WHAT NEEDS TO BE DONE = Extract the complete data exactly as given.

ENTRIES PROVIDED =

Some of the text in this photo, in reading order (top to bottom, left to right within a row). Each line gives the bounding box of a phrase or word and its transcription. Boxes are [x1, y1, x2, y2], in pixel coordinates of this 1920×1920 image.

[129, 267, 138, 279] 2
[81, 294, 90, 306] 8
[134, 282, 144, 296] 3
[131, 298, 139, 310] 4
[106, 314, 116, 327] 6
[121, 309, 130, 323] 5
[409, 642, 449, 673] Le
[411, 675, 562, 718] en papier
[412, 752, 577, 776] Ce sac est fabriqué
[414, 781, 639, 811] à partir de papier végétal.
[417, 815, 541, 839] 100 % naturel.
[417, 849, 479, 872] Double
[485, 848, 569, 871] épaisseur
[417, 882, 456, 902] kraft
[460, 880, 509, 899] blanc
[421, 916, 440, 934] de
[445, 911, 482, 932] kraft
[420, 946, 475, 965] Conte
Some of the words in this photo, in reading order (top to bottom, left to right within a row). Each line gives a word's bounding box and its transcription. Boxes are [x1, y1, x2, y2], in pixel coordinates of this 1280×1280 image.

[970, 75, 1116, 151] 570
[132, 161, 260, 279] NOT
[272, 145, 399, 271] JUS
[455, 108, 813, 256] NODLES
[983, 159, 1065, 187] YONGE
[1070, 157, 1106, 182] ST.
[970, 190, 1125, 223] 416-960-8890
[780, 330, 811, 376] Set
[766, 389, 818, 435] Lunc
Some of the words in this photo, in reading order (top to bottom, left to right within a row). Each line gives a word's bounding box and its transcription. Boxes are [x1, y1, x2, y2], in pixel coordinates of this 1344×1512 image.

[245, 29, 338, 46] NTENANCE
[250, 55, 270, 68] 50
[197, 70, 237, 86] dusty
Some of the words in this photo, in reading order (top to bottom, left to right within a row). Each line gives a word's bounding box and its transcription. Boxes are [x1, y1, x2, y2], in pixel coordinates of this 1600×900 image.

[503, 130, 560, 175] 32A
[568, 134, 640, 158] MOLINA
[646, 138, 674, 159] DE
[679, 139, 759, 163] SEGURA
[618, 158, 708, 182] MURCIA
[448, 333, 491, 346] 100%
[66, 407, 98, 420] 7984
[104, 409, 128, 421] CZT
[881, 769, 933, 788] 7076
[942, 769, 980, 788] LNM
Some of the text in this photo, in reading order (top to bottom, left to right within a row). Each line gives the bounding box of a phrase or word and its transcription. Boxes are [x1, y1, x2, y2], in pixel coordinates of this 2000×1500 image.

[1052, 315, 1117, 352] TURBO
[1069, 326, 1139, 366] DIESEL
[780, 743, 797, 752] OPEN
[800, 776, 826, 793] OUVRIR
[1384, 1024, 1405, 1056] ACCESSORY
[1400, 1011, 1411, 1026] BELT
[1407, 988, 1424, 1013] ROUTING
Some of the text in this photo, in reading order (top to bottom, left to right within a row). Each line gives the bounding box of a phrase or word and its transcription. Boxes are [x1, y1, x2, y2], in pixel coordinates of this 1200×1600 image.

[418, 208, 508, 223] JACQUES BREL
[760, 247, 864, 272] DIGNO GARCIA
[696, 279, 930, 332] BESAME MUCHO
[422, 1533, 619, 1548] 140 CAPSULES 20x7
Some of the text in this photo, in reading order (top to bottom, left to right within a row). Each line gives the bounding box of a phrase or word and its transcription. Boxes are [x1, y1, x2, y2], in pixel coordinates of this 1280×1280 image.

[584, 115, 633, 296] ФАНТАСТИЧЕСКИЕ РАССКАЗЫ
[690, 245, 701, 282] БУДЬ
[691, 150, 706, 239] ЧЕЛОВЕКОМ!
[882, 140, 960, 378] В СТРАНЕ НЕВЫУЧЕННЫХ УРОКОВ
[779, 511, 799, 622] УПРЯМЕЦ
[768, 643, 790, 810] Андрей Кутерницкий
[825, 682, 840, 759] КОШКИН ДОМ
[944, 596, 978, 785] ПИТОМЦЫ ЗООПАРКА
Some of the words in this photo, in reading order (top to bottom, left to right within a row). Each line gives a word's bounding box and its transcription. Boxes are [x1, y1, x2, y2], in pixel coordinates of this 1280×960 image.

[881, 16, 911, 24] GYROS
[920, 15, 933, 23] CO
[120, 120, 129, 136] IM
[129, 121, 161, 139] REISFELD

EXERCISE RESPONSE =
Some of the text in this photo, in reading order (top to bottom, left to right within a row). Each line gives the bounding box of a phrase or word and its transcription. Boxes are [x1, y1, x2, y2], in pixel coordinates of this 1920×1920 image.

[129, 267, 138, 279] 2
[81, 294, 90, 306] 8
[134, 282, 144, 296] 3
[131, 298, 139, 310] 4
[106, 314, 116, 327] 6
[121, 309, 130, 323] 5
[409, 642, 449, 673] Le
[411, 675, 562, 718] en papier
[412, 752, 577, 776] Ce sac est fabriqué
[414, 781, 639, 811] à partir de papier végétal.
[417, 815, 541, 839] 100 % naturel.
[417, 849, 479, 872] Double
[485, 848, 569, 871] épaisseur
[417, 882, 456, 902] kraft
[460, 880, 509, 899] blanc
[421, 916, 440, 934] de
[445, 911, 482, 932] kraft
[420, 946, 475, 965] Conte
Some of the words in this photo, in reading order (top to bottom, left to right within a row). Each line gives a word's bounding box and its transcription. Boxes are [x1, y1, x2, y2], in pixel coordinates of this 1280×1280 image.

[970, 75, 1116, 151] 570
[132, 161, 260, 279] NOT
[272, 145, 399, 271] JUS
[455, 108, 813, 256] NODLES
[983, 159, 1065, 187] YONGE
[1070, 157, 1106, 182] ST.
[970, 190, 1125, 223] 416-960-8890
[780, 330, 811, 376] Set
[766, 389, 818, 435] Lunc
Some of the words in this photo, in reading order (top to bottom, left to right within a row). Each line gives a word's bounding box and its transcription. Boxes are [x1, y1, x2, y2], in pixel coordinates of this 1344×1512 image.

[245, 29, 338, 46] NTENANCE
[250, 55, 270, 68] 50
[197, 70, 237, 86] dusty
Some of the words in this photo, in reading order (top to bottom, left to right within a row). Each line gives a word's bounding box and its transcription. Boxes are [x1, y1, x2, y2], in pixel coordinates of this 1600×900 image.

[503, 130, 560, 175] 32A
[568, 134, 640, 158] MOLINA
[646, 138, 674, 159] DE
[679, 139, 759, 163] SEGURA
[618, 158, 708, 182] MURCIA
[448, 333, 491, 346] 100%
[66, 407, 98, 420] 7984
[104, 409, 128, 421] CZT
[881, 769, 933, 788] 7076
[942, 769, 980, 788] LNM
Some of the text in this photo, in reading order (top to bottom, left to right within a row). Each line gives the bounding box of a phrase or word and its transcription. Boxes are [x1, y1, x2, y2], in pixel coordinates of this 2000×1500 image.

[1052, 315, 1117, 352] TURBO
[1069, 326, 1139, 366] DIESEL
[780, 743, 797, 752] OPEN
[800, 776, 826, 793] OUVRIR
[1384, 1024, 1405, 1056] ACCESSORY
[1400, 1011, 1411, 1026] BELT
[1407, 988, 1424, 1013] ROUTING
Some of the text in this photo, in reading order (top to bottom, left to right within a row). Each line gives the bounding box of a phrase or word and its transcription. Boxes are [x1, y1, x2, y2], in pixel coordinates of this 1200×1600 image.

[418, 208, 508, 223] JACQUES BREL
[760, 247, 864, 272] DIGNO GARCIA
[696, 279, 930, 332] BESAME MUCHO
[422, 1533, 619, 1548] 140 CAPSULES 20x7
Some of the text in this photo, in reading order (top to bottom, left to right within a row). Each line gives the bounding box of a phrase or word and its transcription. Boxes are [x1, y1, x2, y2], in pixel coordinates of this 1280×1280 image.

[584, 115, 633, 296] ФАНТАСТИЧЕСКИЕ РАССКАЗЫ
[690, 245, 701, 282] БУДЬ
[691, 150, 706, 239] ЧЕЛОВЕКОМ!
[882, 140, 960, 378] В СТРАНЕ НЕВЫУЧЕННЫХ УРОКОВ
[779, 511, 799, 622] УПРЯМЕЦ
[768, 643, 790, 810] Андрей Кутерницкий
[825, 682, 840, 759] КОШКИН ДОМ
[944, 596, 978, 785] ПИТОМЦЫ ЗООПАРКА
Some of the words in this photo, in reading order (top to bottom, left to right within a row). Each line gives a word's bounding box and its transcription. Boxes are [x1, y1, x2, y2], in pixel coordinates of this 1280×960 image.

[881, 16, 911, 24] GYROS
[920, 15, 933, 23] CO
[120, 120, 129, 136] IM
[129, 121, 161, 139] REISFELD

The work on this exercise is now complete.